TASK DIRECTIONS —
Please restate the data below word for word, omitting all images.

[Text-to-region grounding data]
::::::::

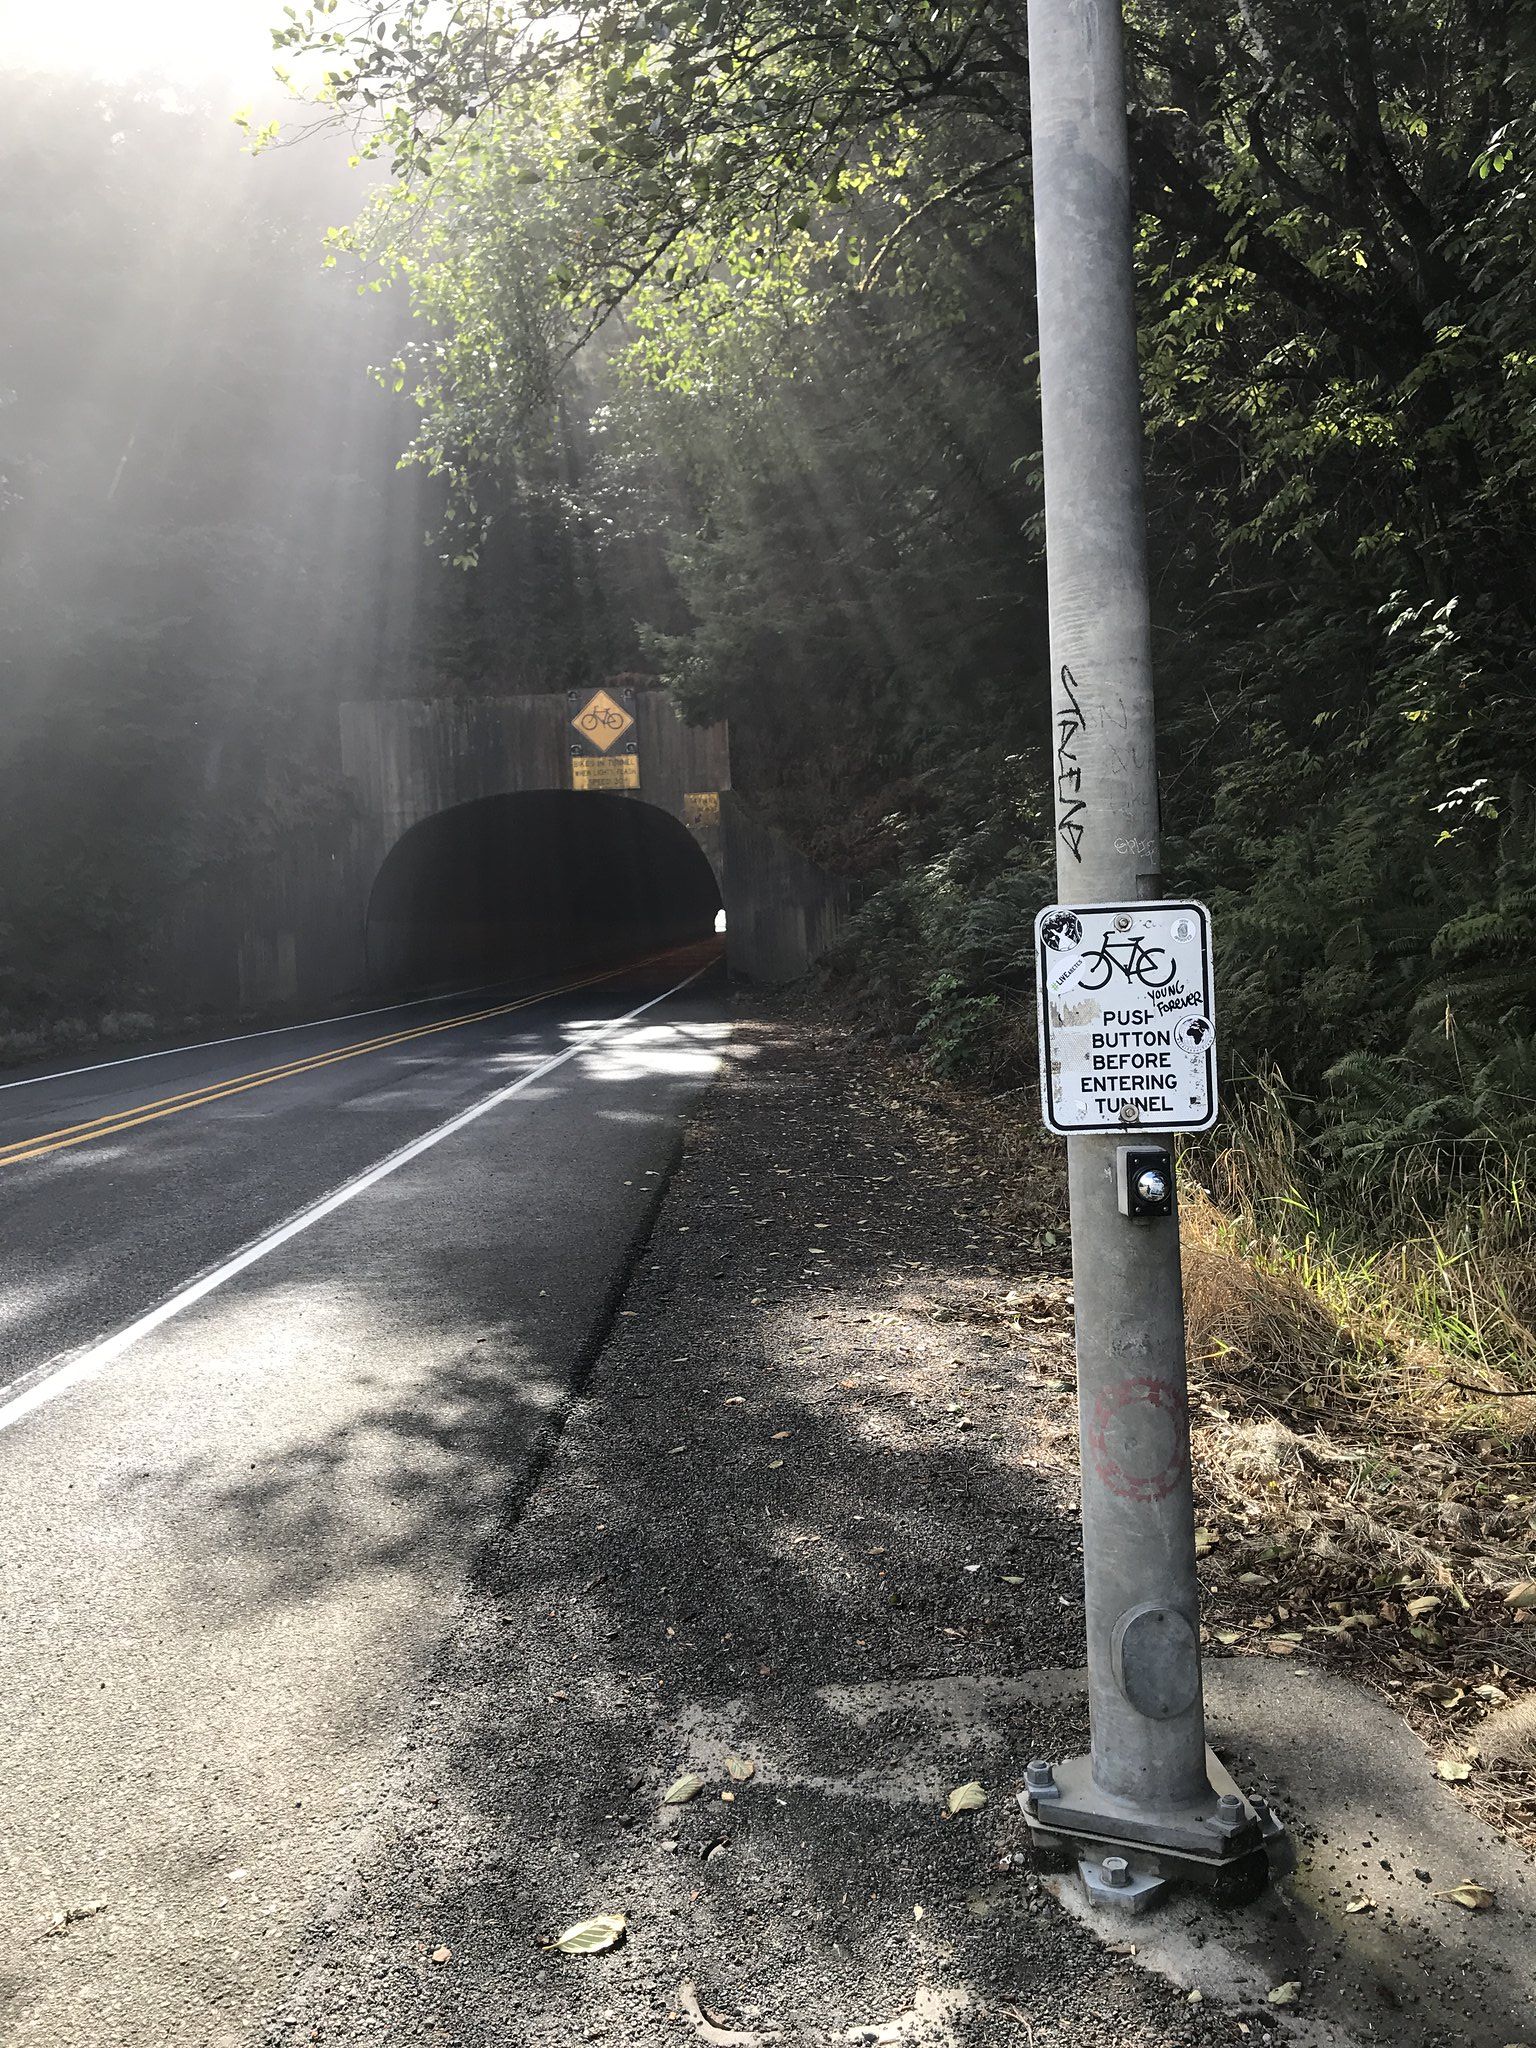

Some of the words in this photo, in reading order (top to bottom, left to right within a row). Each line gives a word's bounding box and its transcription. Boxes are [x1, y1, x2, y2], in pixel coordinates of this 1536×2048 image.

[1147, 980, 1184, 1007] YOUNG
[1092, 1030, 1171, 1048] BUTTON
[1093, 1052, 1171, 1070] BEFORE
[1081, 1073, 1178, 1092] ENTERING
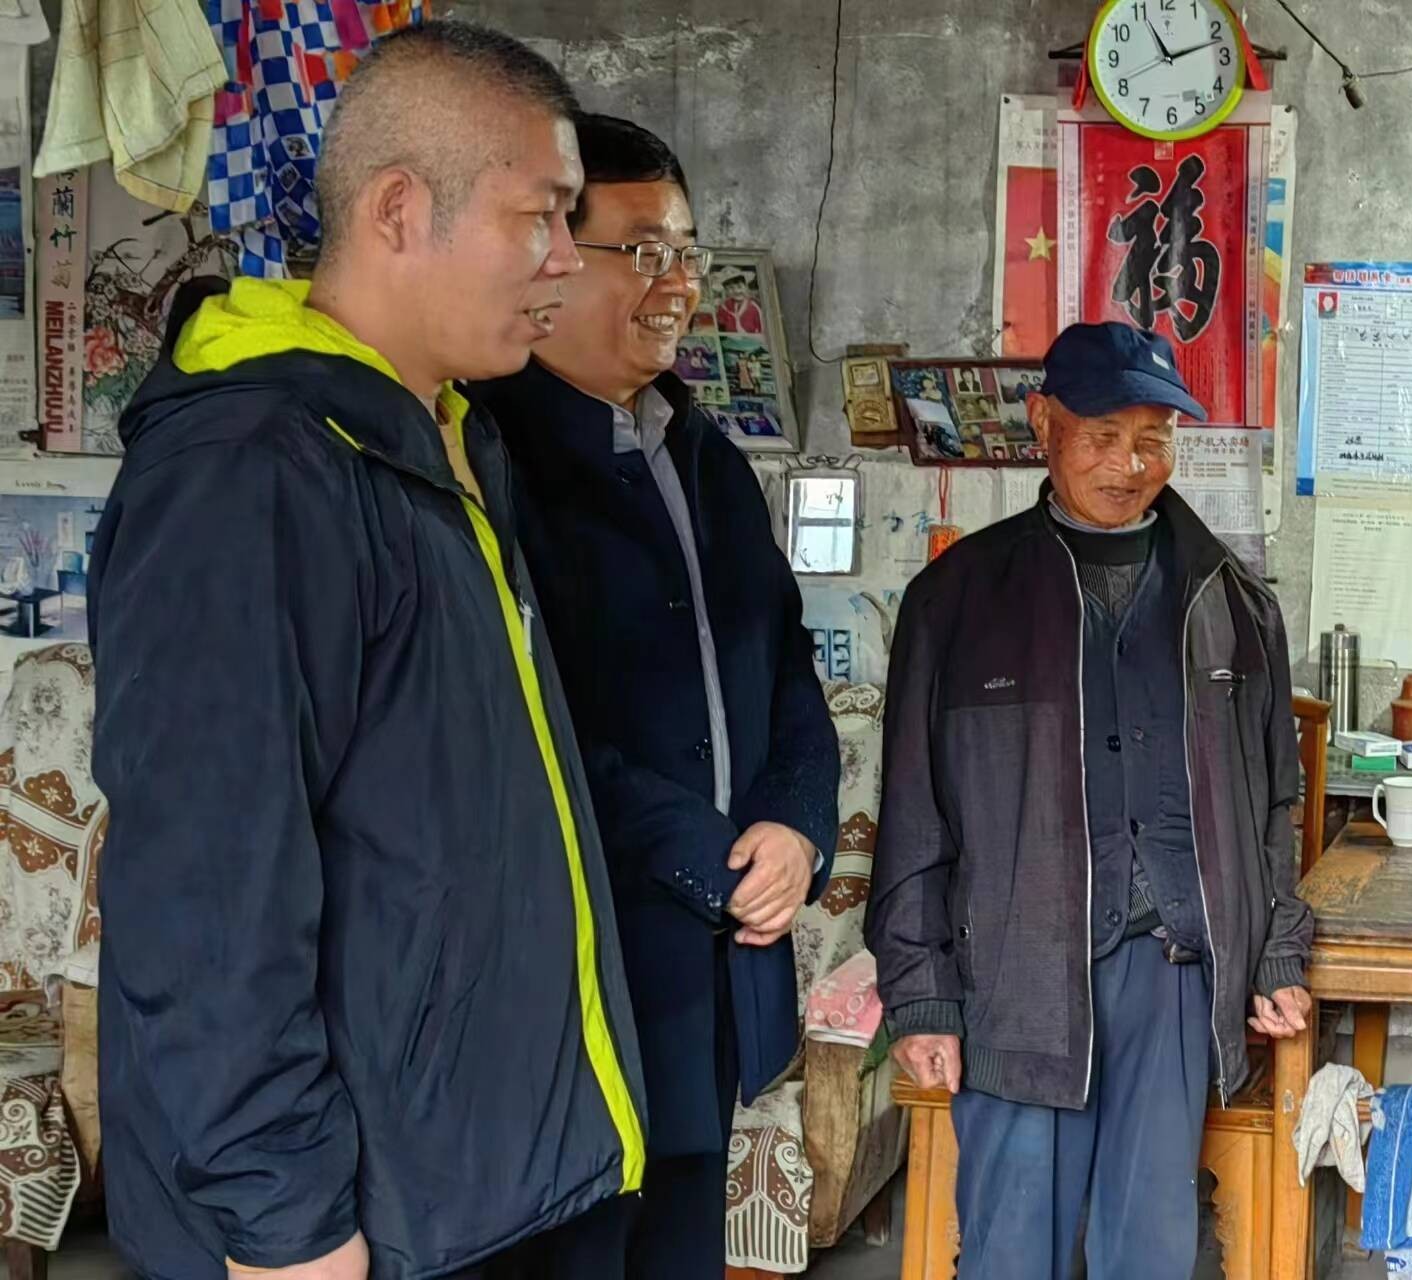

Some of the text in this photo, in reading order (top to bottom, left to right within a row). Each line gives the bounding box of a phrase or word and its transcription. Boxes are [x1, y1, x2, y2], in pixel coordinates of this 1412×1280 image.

[1131, 1, 1147, 21] 11
[1190, 1, 1198, 20] 1
[1111, 23, 1130, 42] 10
[1210, 20, 1223, 41] 2
[1108, 50, 1119, 68] 9
[1219, 47, 1231, 66] 3
[1118, 78, 1129, 97] 8
[1213, 76, 1224, 94] 4
[1139, 98, 1150, 116] 7
[1194, 96, 1206, 115] 5
[1166, 106, 1178, 125] 6
[1106, 153, 1221, 343] 福
[45, 300, 65, 433] MEILANZHUJU
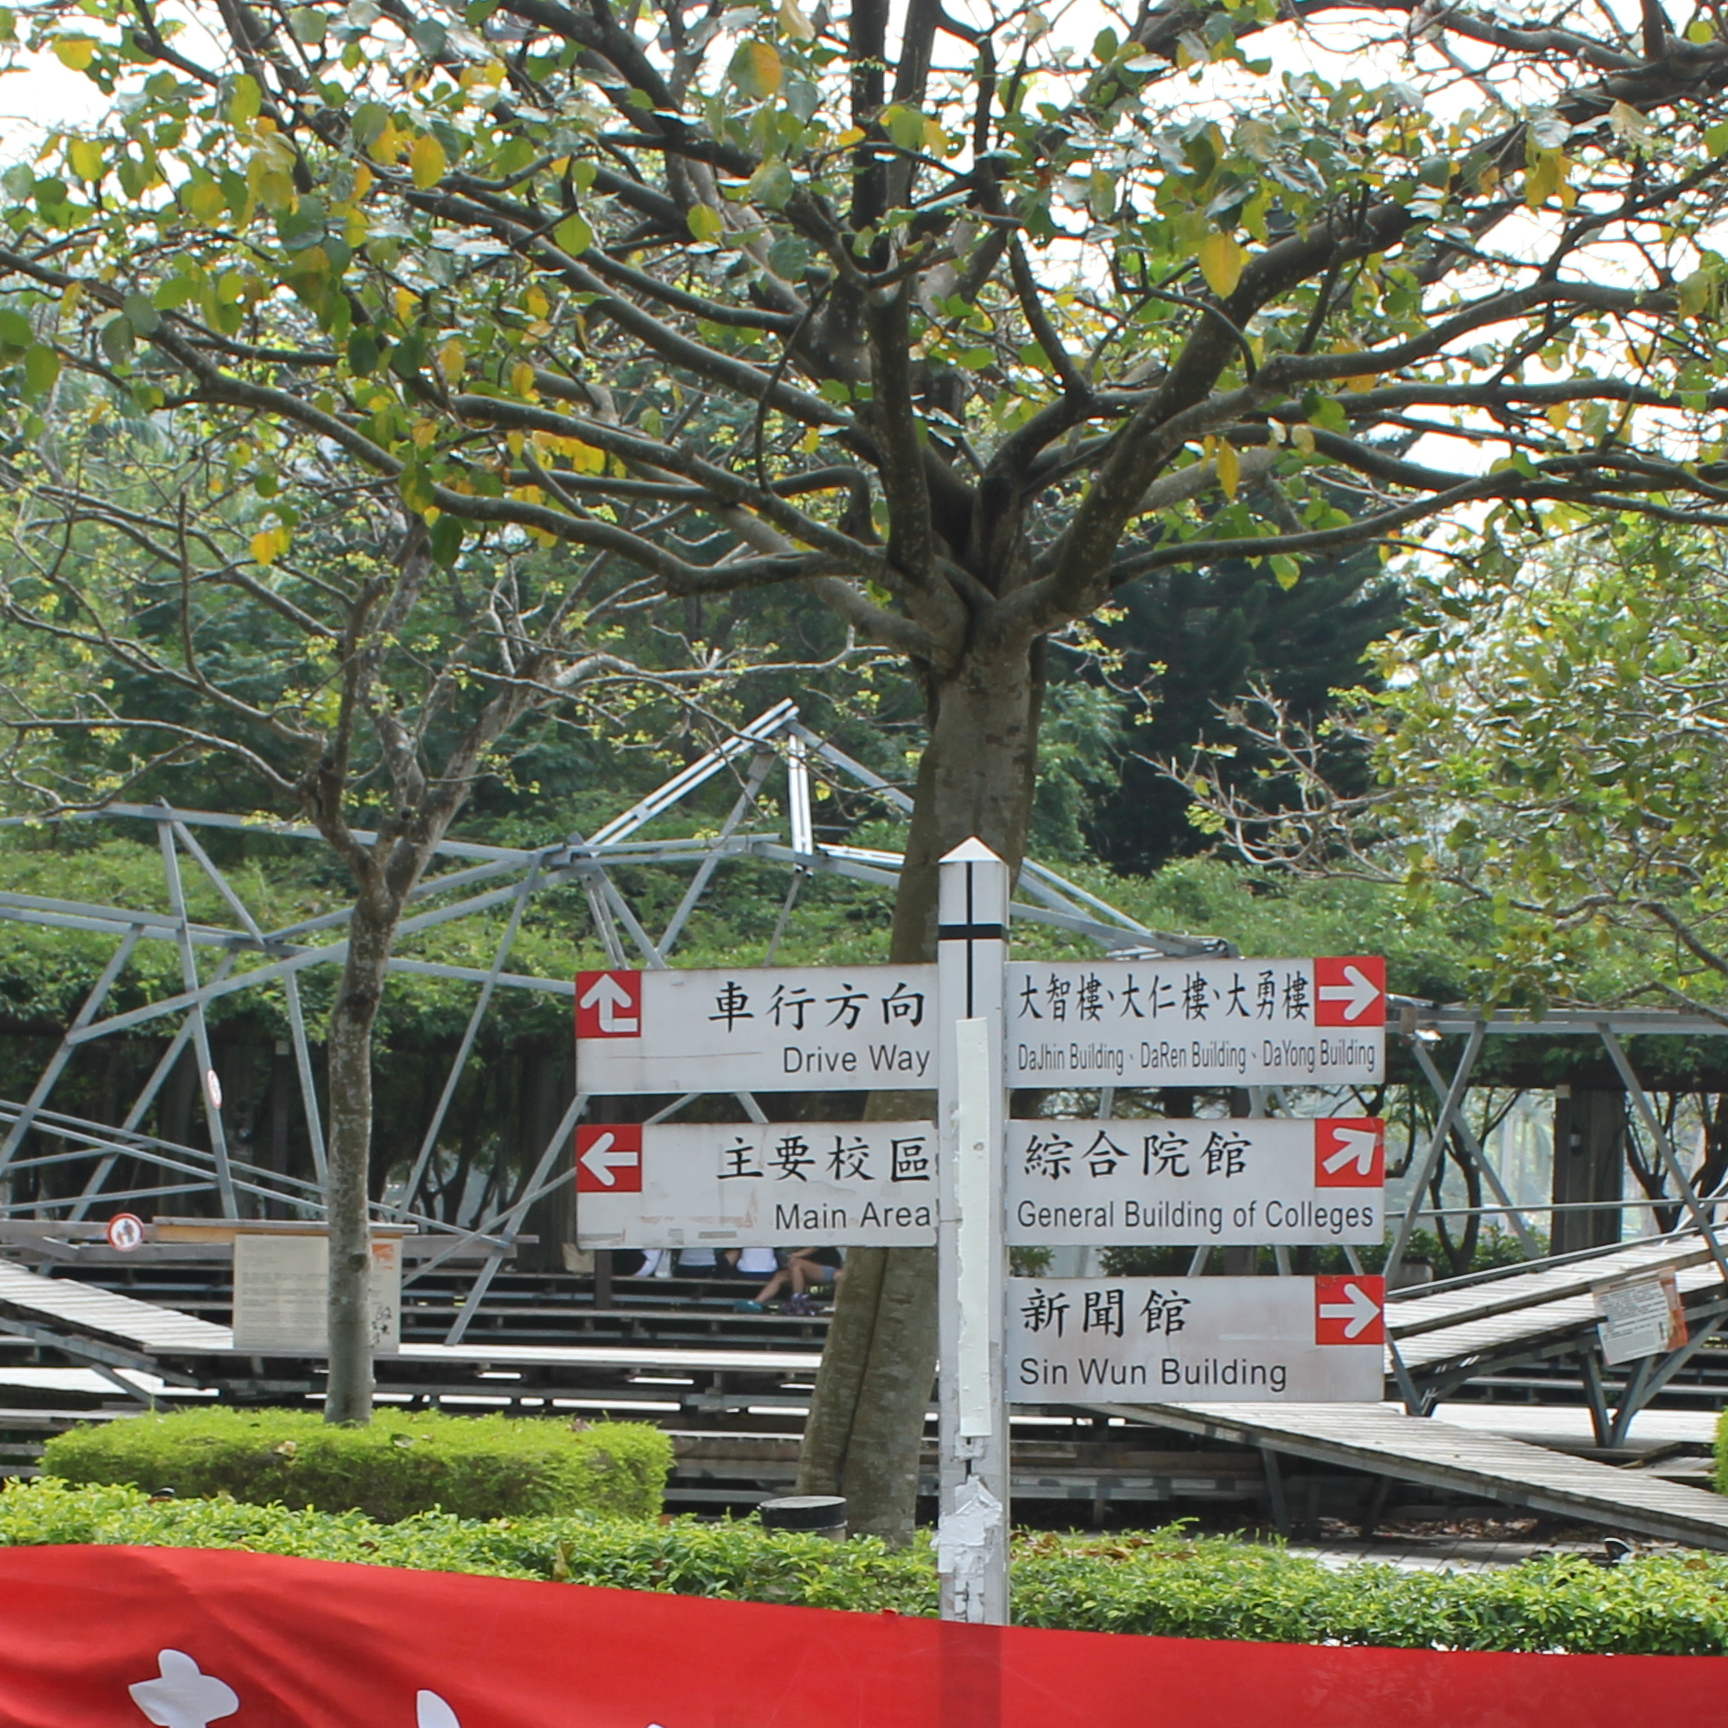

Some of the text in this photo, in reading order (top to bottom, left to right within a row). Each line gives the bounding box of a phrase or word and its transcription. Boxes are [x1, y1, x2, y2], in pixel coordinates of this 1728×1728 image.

[708, 980, 925, 1033] 車行方向
[783, 1044, 930, 1077] Drive Way
[1017, 1043, 1066, 1071] DaJhin
[1140, 1041, 1188, 1069] DaRen
[1262, 1039, 1316, 1074] DaYong
[1319, 1037, 1376, 1073] Building
[716, 1135, 931, 1182] 主要校區
[1023, 1129, 1253, 1179] 綜合院館
[775, 1201, 931, 1230] Main Area
[1016, 1199, 1374, 1235] General Building of Colleges
[1020, 1287, 1192, 1339] 新聞館
[1019, 1357, 1287, 1393] Sin Wun Building

::::::::

EXERCISE OUTPUT —
Some of the words in this photo, in reading order (top to bottom, left to right within a row). Each line gives a word's bounding box and its transcription. Boxes are [x1, y1, x2, y2], in pixel coordinates of this 1536×2048 image.

[1147, 980, 1184, 1007] YOUNG
[1092, 1030, 1171, 1048] BUTTON
[1093, 1052, 1171, 1070] BEFORE
[1081, 1073, 1178, 1092] ENTERING

Some of the text in this photo, in reading order (top to bottom, left to right within a row). Each line gives the bounding box of a phrase or word and its transcription. Boxes are [x1, y1, x2, y2], in pixel coordinates of this 1412×1280 image.

[1131, 1, 1147, 21] 11
[1190, 1, 1198, 20] 1
[1111, 23, 1130, 42] 10
[1210, 20, 1223, 41] 2
[1108, 50, 1119, 68] 9
[1219, 47, 1231, 66] 3
[1118, 78, 1129, 97] 8
[1213, 76, 1224, 94] 4
[1139, 98, 1150, 116] 7
[1194, 96, 1206, 115] 5
[1166, 106, 1178, 125] 6
[1106, 153, 1221, 343] 福
[45, 300, 65, 433] MEILANZHUJU

Some of the text in this photo, in reading order (top to bottom, left to right within a row). Each line gives the bounding box of a phrase or word and its transcription. Boxes are [x1, y1, x2, y2], in pixel coordinates of this 1728×1728 image.

[708, 980, 925, 1033] 車行方向
[783, 1044, 930, 1077] Drive Way
[1017, 1043, 1066, 1071] DaJhin
[1140, 1041, 1188, 1069] DaRen
[1262, 1039, 1316, 1074] DaYong
[1319, 1037, 1376, 1073] Building
[716, 1135, 931, 1182] 主要校區
[1023, 1129, 1253, 1179] 綜合院館
[775, 1201, 931, 1230] Main Area
[1016, 1199, 1374, 1235] General Building of Colleges
[1020, 1287, 1192, 1339] 新聞館
[1019, 1357, 1287, 1393] Sin Wun Building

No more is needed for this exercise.